• Time to take a breather!

    How should we breathe when we are running? Just in and out – right? Wrong! There is a lot more to think about when it comes to breathing when we run. Many experts think that breathing “well” can play a big role in efficiency, performance and even injury prevention.

    There are two main areas that we need to consider: how we are breathing and how often – or our breathing patterns.

    How to breathe

    Firstly, we should breathe in and out through our mouth rather than our nose when we run – this is the most efficient way to get the oxygen in that we need.   A little bit of nose breathing will be fine – but you should focus on your mouth.

    And, the best way to breathe in is with your diaphragm rather than your chest.   The aim is to push your diaphragm down when you inhale so that chest can expand to its full potential and your lungs can fill with the largest volume of air. Read more here on how to activate your diaphragm when you breathe.

    Breathing patterns

    A breathing pattern or rhythm describes the number of steps you take while you are breathing in and out.
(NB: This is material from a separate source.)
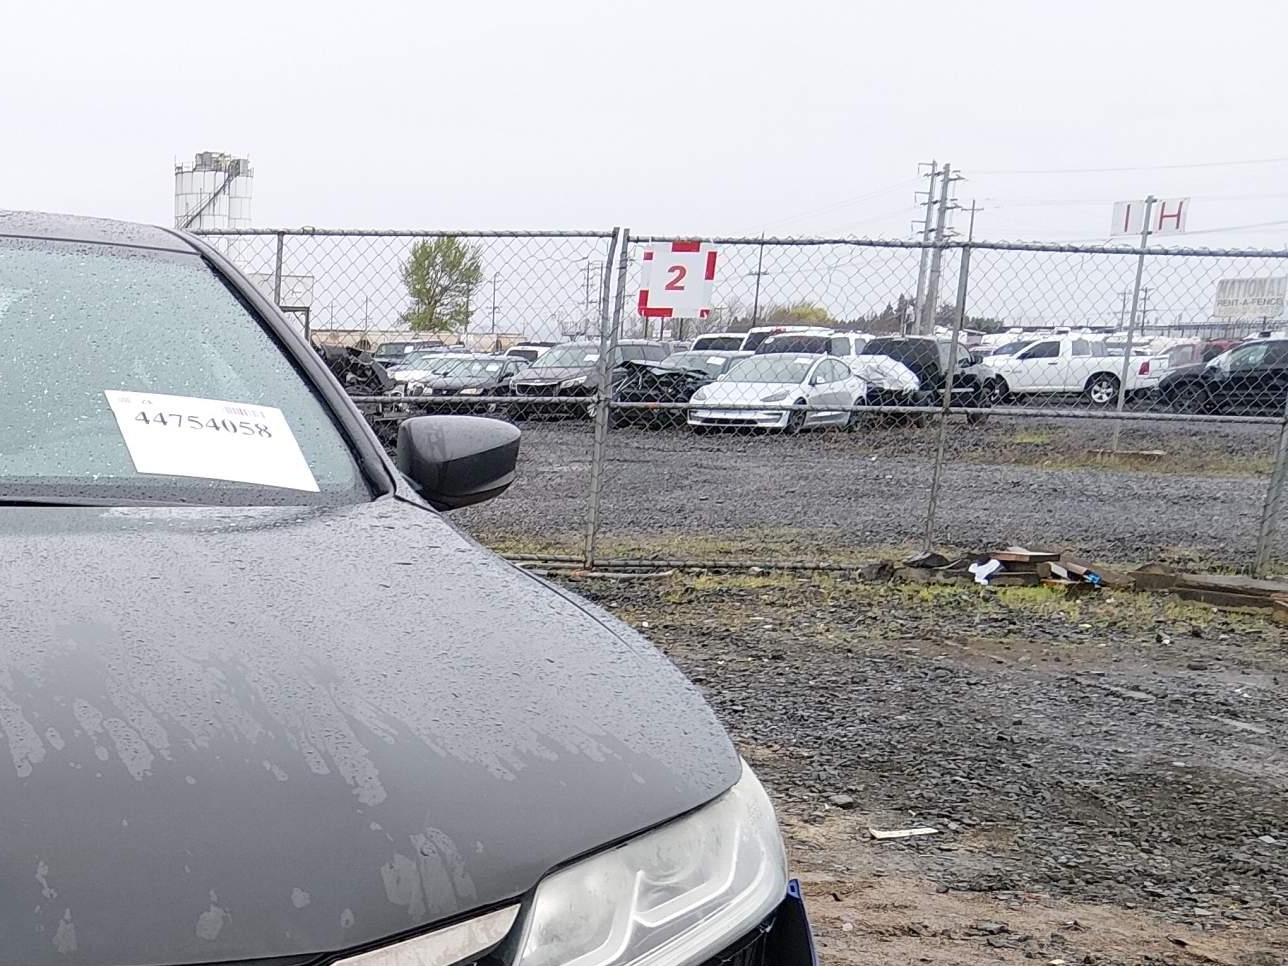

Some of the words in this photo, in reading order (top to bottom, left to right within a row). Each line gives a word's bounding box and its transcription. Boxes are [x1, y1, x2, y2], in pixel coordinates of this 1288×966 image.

So, for example, a 2:2 pattern would mean that you take two steps (left, right) when you breathe in and two steps (left, right) as you breathe out.
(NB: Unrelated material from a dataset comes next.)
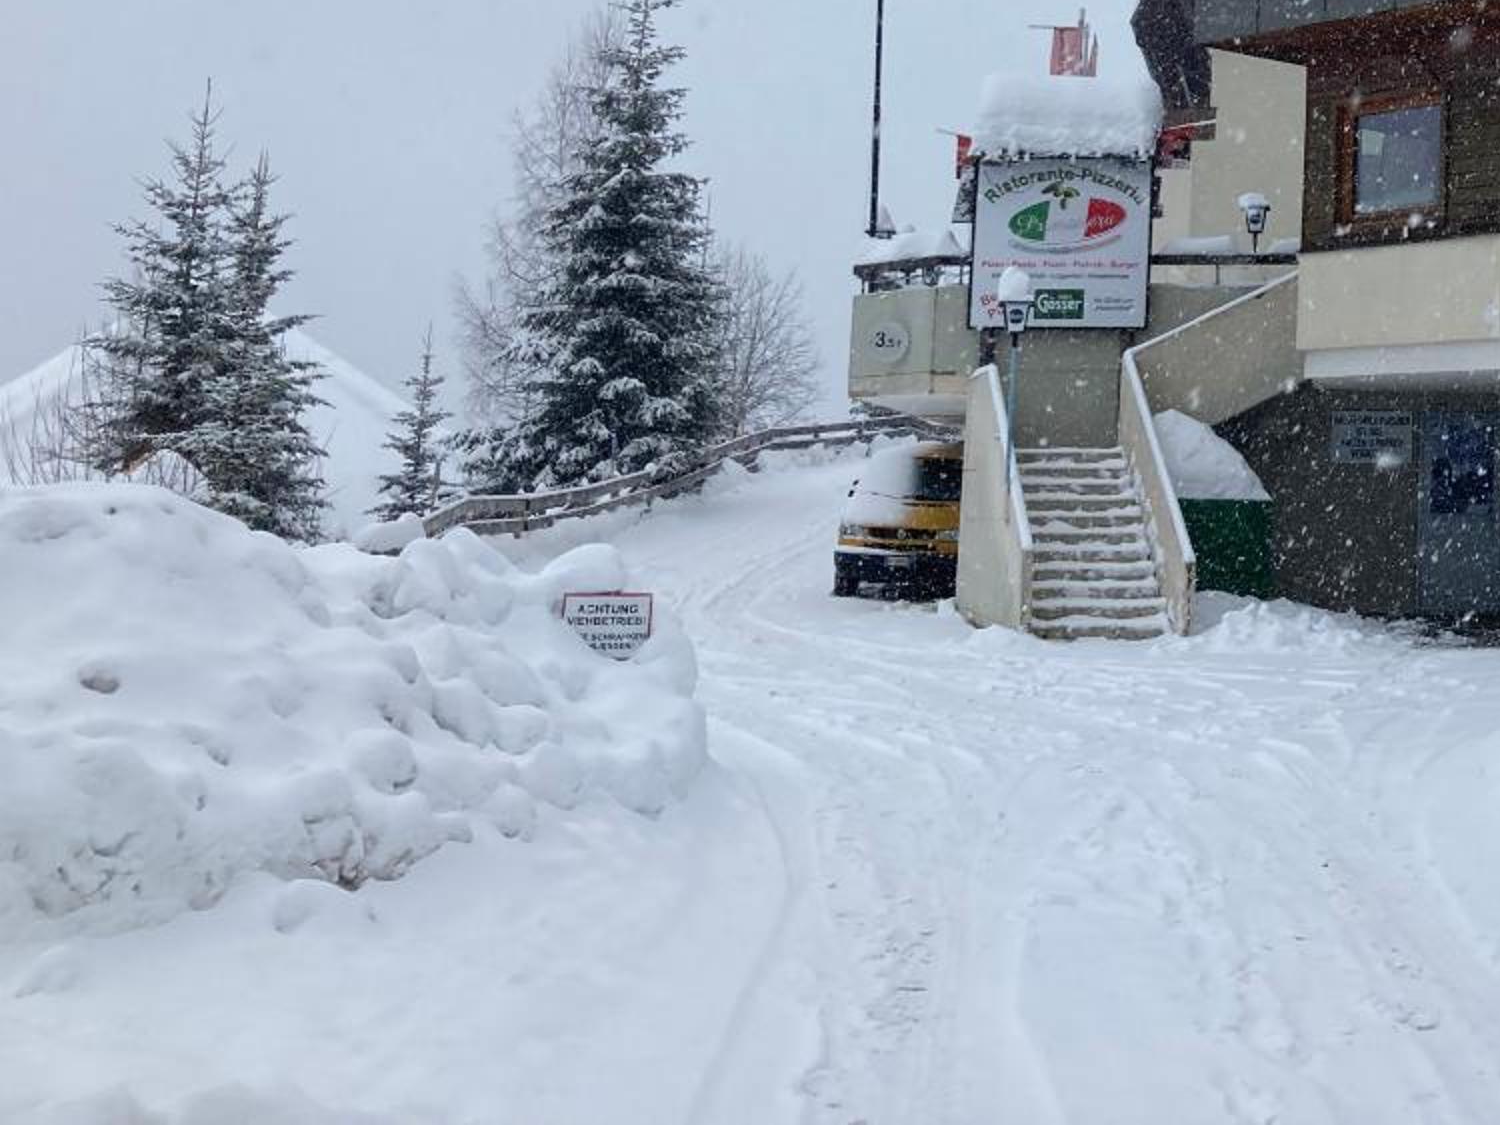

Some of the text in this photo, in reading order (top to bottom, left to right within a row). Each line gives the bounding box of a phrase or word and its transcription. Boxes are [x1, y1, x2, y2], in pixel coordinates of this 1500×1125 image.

[983, 167, 1148, 205] Ristorante-Pizzeria
[1037, 293, 1082, 313] Gösser
[577, 604, 639, 614] ACHTUNG
    Some experts suggest an even pattern, 2:2, or 3:3 depending on the pace of the run. A 3:3 pattern would be good for easy paced run while tempo and marathon pace runs would generally need a 2:2 pattern.   Very hard interval sessions or race efforts may need more oxygen still and a 1:2 (in:out) or 2:1 (in:out).

    But there is another school of thought led by Budd Coates author of Running on Air that suggests that runners should breathe in odd patterns 3:2 for example because breathing in an even (2:2 or 3:3) pattern means that you will always be breathing out striking with the same foot. According to Coates, this places an additional to one side of your body that can lead to injury.

    Most coaches agree that, whether even or odd, having an awareness and practicing your own pattern and rhythm helps you as an athlete become more pace aware and able to maintain a specific pace over a period of time. Find out what feels good for you!